Campbell’s women are tough. They love and hate their men; they endure abuse but know also how to dish it out while taking their power back. They smoke. They drink. They castrate pigs and drown kittens. They butcher livestock and skin squirrels and shoot guns and hit bulls-eyes. But even while she's taking on serious themes in her work, Campbell maintains a sometimes wry and dark sense of humor, finding the joke in humanity.
Her stories may skirt the edges of the bizarre and be filled with the grit of everyday life. But Campbell's own life story is rich fodder for her fiction. Campbell grew up on a small farm in southwest Michigan with her mother and four siblings. It was then that she learned how to care for farm animals and developed a love for donkeys. She still has two on her own property today in Kalamazoo. Campbell hitchhiked across the United States and Canada —something she does not recommend to others—and scaled the Swiss Alps on her bicycle. She ran away with the circus and sold snow cones. Campbell also founded Goulash Tours, Inc., which lead conducted adventure tours in Russia, the Baltic countries, Romania and Bulgaria.
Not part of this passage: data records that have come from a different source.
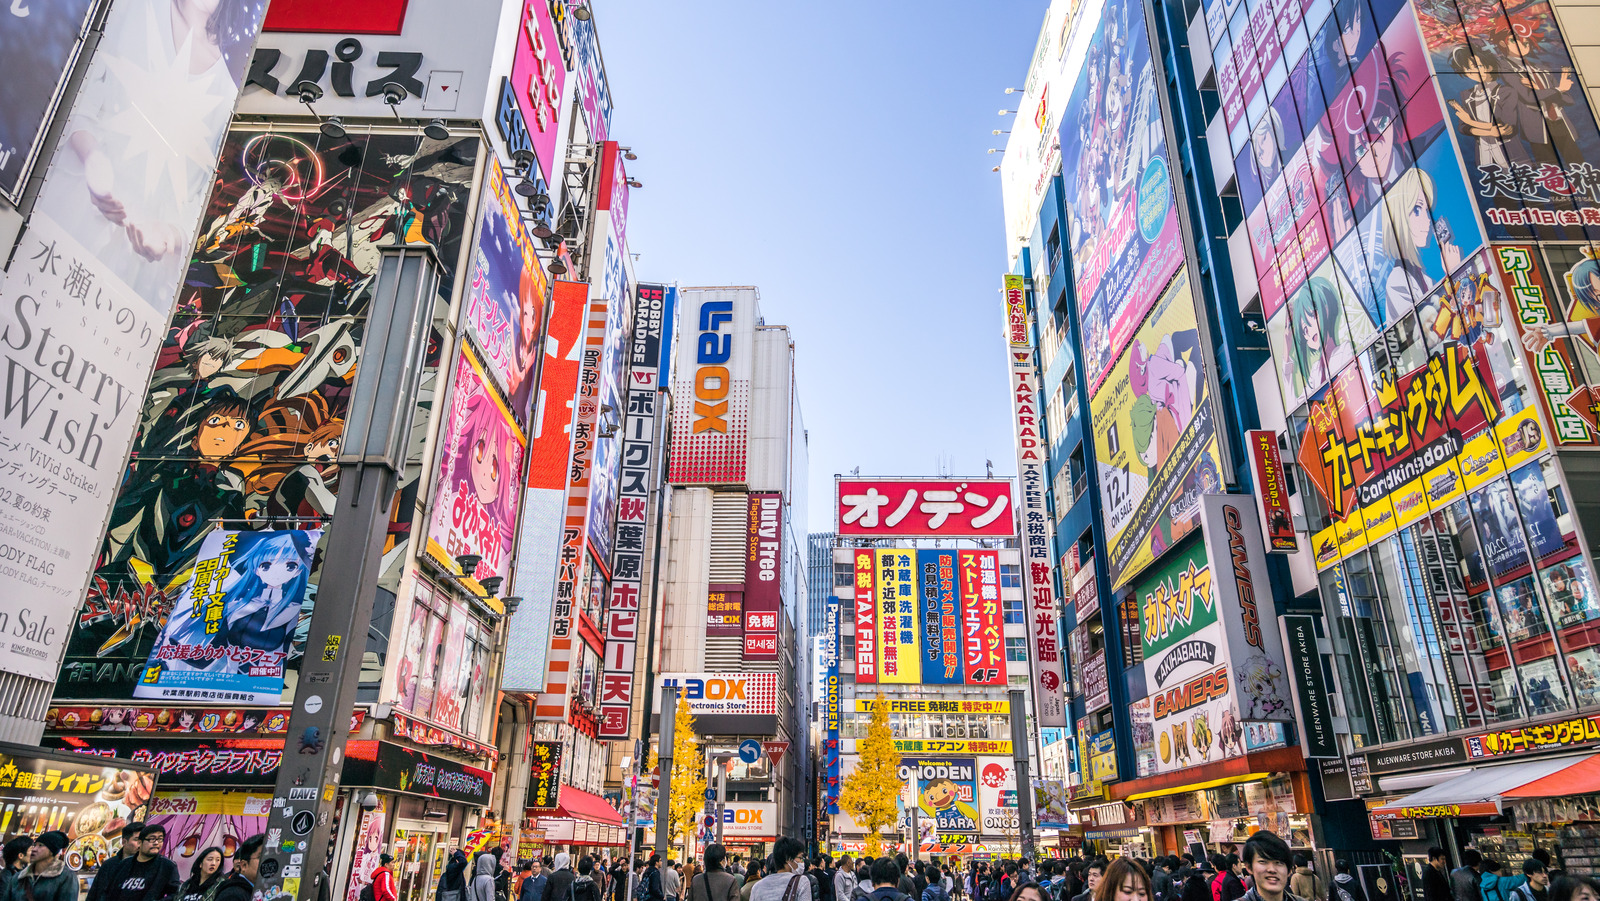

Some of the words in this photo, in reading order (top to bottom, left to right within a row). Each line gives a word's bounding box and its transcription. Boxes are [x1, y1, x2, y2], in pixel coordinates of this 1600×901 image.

[30, 240, 153, 349] 水瀬いのり
[649, 289, 662, 339] HOBBY
[1006, 287, 1027, 343] まんが喫茶
[24, 272, 63, 309] New
[79, 315, 142, 370] Single
[632, 288, 651, 364] PARADISE
[1, 294, 134, 430] Starry
[4, 354, 102, 471] Wish
[1014, 372, 1039, 460] TAKARADA
[1106, 462, 1130, 513] 12.7
[1260, 442, 1281, 507] カードキングダム
[749, 498, 760, 534] Flagship
[758, 498, 780, 538] Duty
[841, 483, 1008, 529] オノデン
[26, 555, 55, 576] FLAG
[749, 536, 759, 562] Store
[759, 541, 779, 582] Free
[205, 533, 238, 635] スニーカー文庫は
[552, 529, 578, 637] アキバ駅前店
[857, 554, 872, 588] 免税
[1222, 503, 1265, 655] GAMERS
[709, 593, 726, 602] 本店
[857, 591, 873, 624] TAX
[924, 563, 940, 660] お見積り無料です
[938, 555, 958, 678] 防犯カメラ販売開始!!
[13, 608, 55, 646] Sale
[748, 614, 775, 628] 免税
[828, 603, 839, 668] Panasonic
[1296, 625, 1307, 654] AKIBA
[155, 646, 287, 665] 応援ありがとうフェア
[747, 639, 775, 650] 면세점
[858, 628, 874, 676] FREE
[1159, 643, 1210, 680] AKIHABARA
[250, 667, 281, 677] 開催中!!
[970, 668, 998, 682] 4F
[1302, 656, 1314, 687] STORE
[726, 702, 747, 710] Store
[828, 675, 838, 730] ONODEN
[892, 702, 925, 711] FREE
[928, 701, 959, 711] 免税店
[1154, 665, 1230, 721] GAMERS
[1308, 689, 1326, 747] ALIENWARE
[893, 741, 924, 752] 冷蔵庫
[927, 742, 965, 752] エアコン
[967, 741, 1008, 753] 特売中!!
[1377, 753, 1411, 766] ALIENWARE
[1412, 750, 1433, 762] STORE
[1435, 747, 1456, 758] AKIBA
[15, 768, 105, 794] 銀座ライオン
[828, 738, 838, 804] オノデン
[289, 788, 316, 799] DAVE
Referring to her penchant for chasing down adventures, Campbell says, “I don’t admit this often, but I’m kind of a scaredy cat. I’m a worrier. But somehow, even as a youth, when I was scared of doing things, that somehow worked its opposite. It made me feel like I had to address those fears and do as much as I possibly could. I grew up without so many resources, so I decided I was going to find a way to travel and have adventures no matter what.”
That paid off. Campbell’s books have a fast-growing audience and have received the highest critical acclaim. Her most recent work is the bestselling novel Once Upon a River. She is a finalist for the National Book Award and the National Book Critics Circle Award for her story collection American Salvage, and she's a Guggenheim Fellow. Campbell is also author of the novel Q Road and the story collection Women & Other Animals, and has won the AWP short fiction award.
Campbell will launch Mothers, Tell Your Daughters with a reading and book-signing at Bookbug in Kalamazoo on Saturday, October 3, from 11:30 a.m. to 1:30 p.m.. That will be followed by a celebration at Old Dog Tavern in Kalamazoo at 2 p.m.